Shipworld Outpost Nano-Retreat

I have been seriously in need of a writing retreat for a while. Unfortunately, it’s too late in the season to go off camping in the Mothership. For one thing, the campgrounds are all closed for the year; for another, I’ve drained and winterized the plumbing on board, so as not to get frozen pipes when the temperature drops. But does that mean I can’t use the ship at all? NO! Just the other day, I realized I could drive to scenic nearby locations, park, walk around to clear my head, and then retreat to the back of ship to write. I’ve got good lighting, heat if I need it, a decent place to sit, a small table, and a nice sound system. (The navigation of MP3 files on my thumb drive is primitive, though. I can view the list of tracks on the TV screen, sort of, and use arcane combinations of button presses in an effort to choose what to listen to.)

Anyway. The first time out, I went to Minuteman National Park in Lexington. I called that a mini-retreat, because it got me out of my neighborhood. On my way home, wouldn’t you know, the infernal Check Engine came on, so now I’ve got to get that sorted out. But in the meantime, I figured, what’s wrong with retreating to the ship right in my driveway? Nothing. And so, I hereby designate this as a nano-retreat.

The results may not be spectacular, but I’ve done more writing in three of these little sessions than I have in the three weeks preceding, sitting in my office surrounded by distractions. Whatever works.

Also, the house kitchen is nearby. Hoo-ahh!

The Importance of Reading Schedules (Correctly)

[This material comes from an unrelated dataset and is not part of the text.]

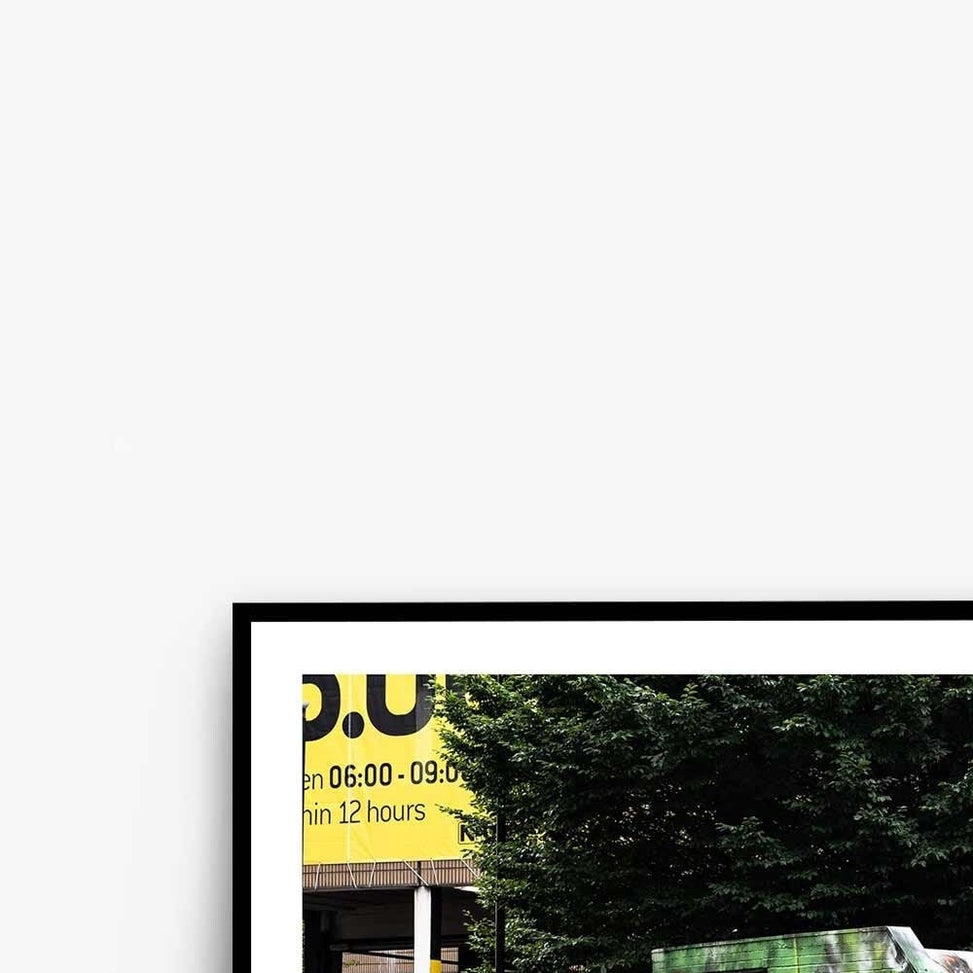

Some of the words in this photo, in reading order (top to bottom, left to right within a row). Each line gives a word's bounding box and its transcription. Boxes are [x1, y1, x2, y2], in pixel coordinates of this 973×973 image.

[329, 763, 392, 789] 06:00
[339, 799, 361, 824] 12
[367, 799, 426, 823] hours

posted in: adventures, Mothership 0

Our Mothership, aka Winnebago Era campervan, needed to have some work done on the camper side of things. On advice of our mechanic, I took it to an RV center in Bourne, just across the canal on Cape Cod. It needs to be there for a week, and it’s an hour and a half drive. I did a lot of thinking about how to drop it off without Allysen having to drive all that way behind me to give me a ride home.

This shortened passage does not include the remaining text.